Retirement Investing: Some housekeeping items

For the purpose of this article, I will be sticking to Canadian-listed ETFs that trade in Canadian dollars (CAD). While investors can avoid the IRS' 15% foreign withholding tax on dividends in an RRSP if they hold U.S. listed ETFs, this approach requires currency conversion.

Unless you're familiar with Norbert's gambit or invest with a brokerage that charges low currency conversion fees (like Interactive Brokers) the additional cost of currency conversion may not be worth the savings from holding a U.S. listed ETF in your RRSP. 

Retirement Option 1: An aggressive ETF

The Canadian ETF industry boasts a slew of asset allocation ETFs from providers like Vanguard, iShares, BMO, Fidelity, Mackenzie, Horizons, and TD to name a few. Since their launch in 2018, asset allocation ETFs have become highly popular with Canadian investors. 

The current asset allocation ETFs all share some similarities, despite being from varying ETF providers. Common characteristics include:

  • A 20-30% overweight to domestic Canadian equities, which is called a home-country bias. This helps reduce currency risk and volatility and improves tax efficiency. 
  • The remainder of the equity allocation is split between U.S., internationally developed, and emerging market equities based on market cap. 
  • The bond allocation usually consists of Canadian, U.S., and international aggregate (government & investment-grade corporate) issues of an intermediate duration.
  • The asset allocation is rebalanced according to set absolute or relative percentage bands and payout distributions on a quarterly or annual basis.
  • Expense ratios vary, but usually range from 0.15% - 0.25% and cover all the costs of the underlying ETFs. 
  • The following asset allocation ETFs fall into the "growth" category and are all 80/20 stocks/bonds. These are primarily intended for younger investors with a higher risk tolerance.

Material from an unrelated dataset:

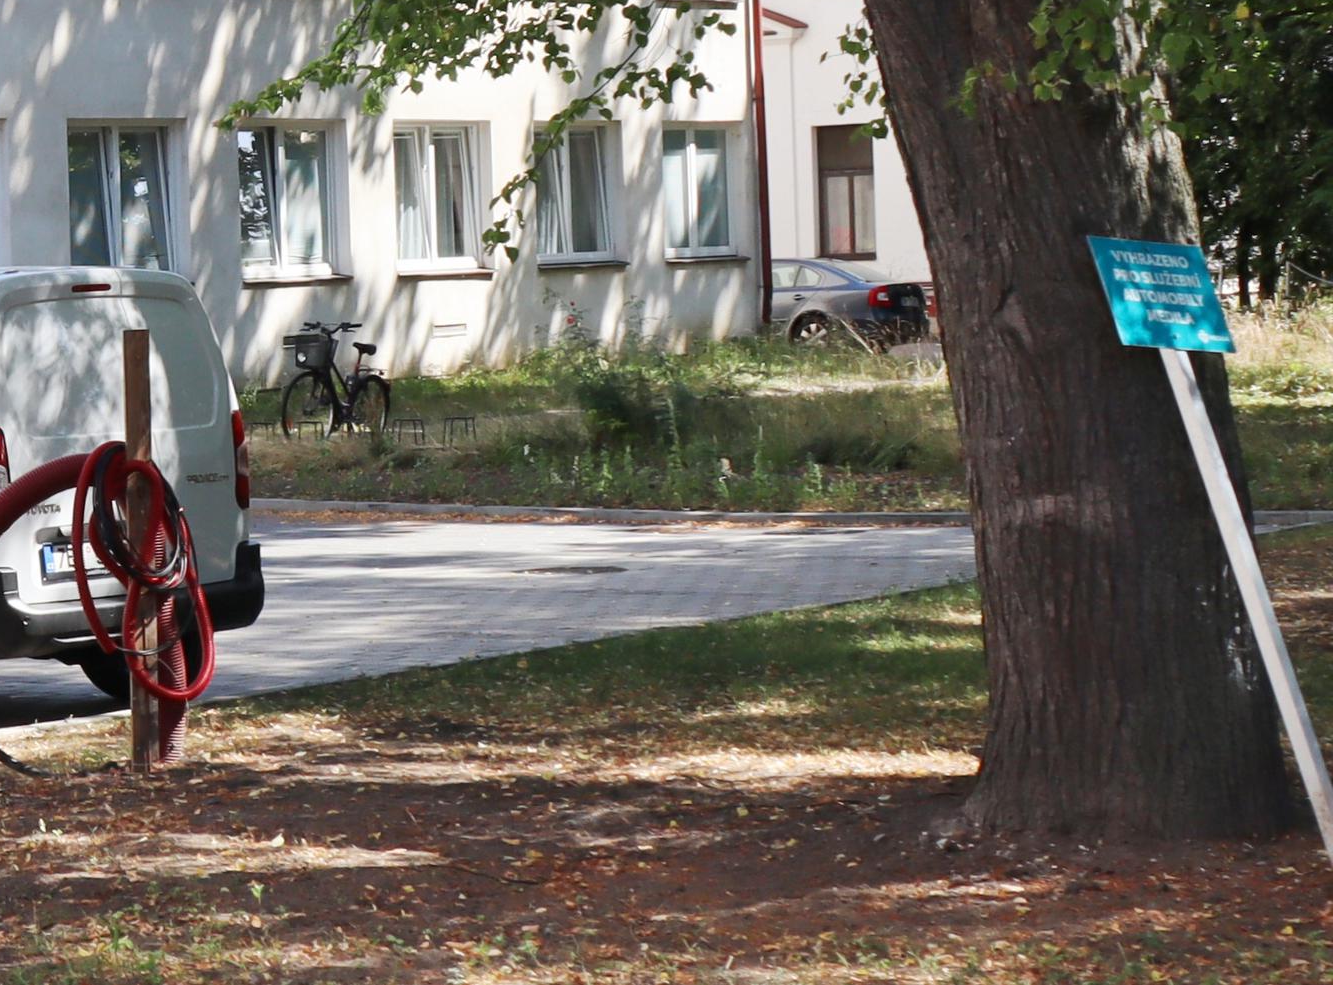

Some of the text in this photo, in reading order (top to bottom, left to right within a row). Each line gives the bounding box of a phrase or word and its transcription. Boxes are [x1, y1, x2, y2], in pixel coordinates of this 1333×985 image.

Many of these ETF providers also offer 100% all-equity, 60/40 "balanced", 40/60 "conservative", and 20/80 "income" variants. Be sure to check their holdings and not rely on the name, as there are some providers that use more unorthodox allocations like 90/10 or 70/30. 

Retirement Option 2: A balanced or conservative ETF

An 80/20 allocation is still fairly aggressive, with most of the risk in the portfolio being contributed by the large holding of equities. Historically, toning down risk further meant increasing the allocation of high-quality bonds, whether government or investment-grade corporate.

I say "historically" because there are occasions where intermediate-duration aggregate bond ETFs can lose as much value as equities (like in 2022). To remedy this, I suggest reading this article, which outlines a few alternative ETFs that investors can add to their asset allocation ETFs to address these weaknesses. 

That being said, allocations like 60/40 ("balanced") and 40/60 ("conservative") are usually more appropriate for an older investor with a lower risk tolerance. While the expected returns may not be as high as 80/20, the volatility and drawdowns are usually quite smaller. 

 

Please note this article is for information purposes only and does not in any way constitute investment advice. It is essential that you seek advice from a registered financial professional prior to making any investment decision.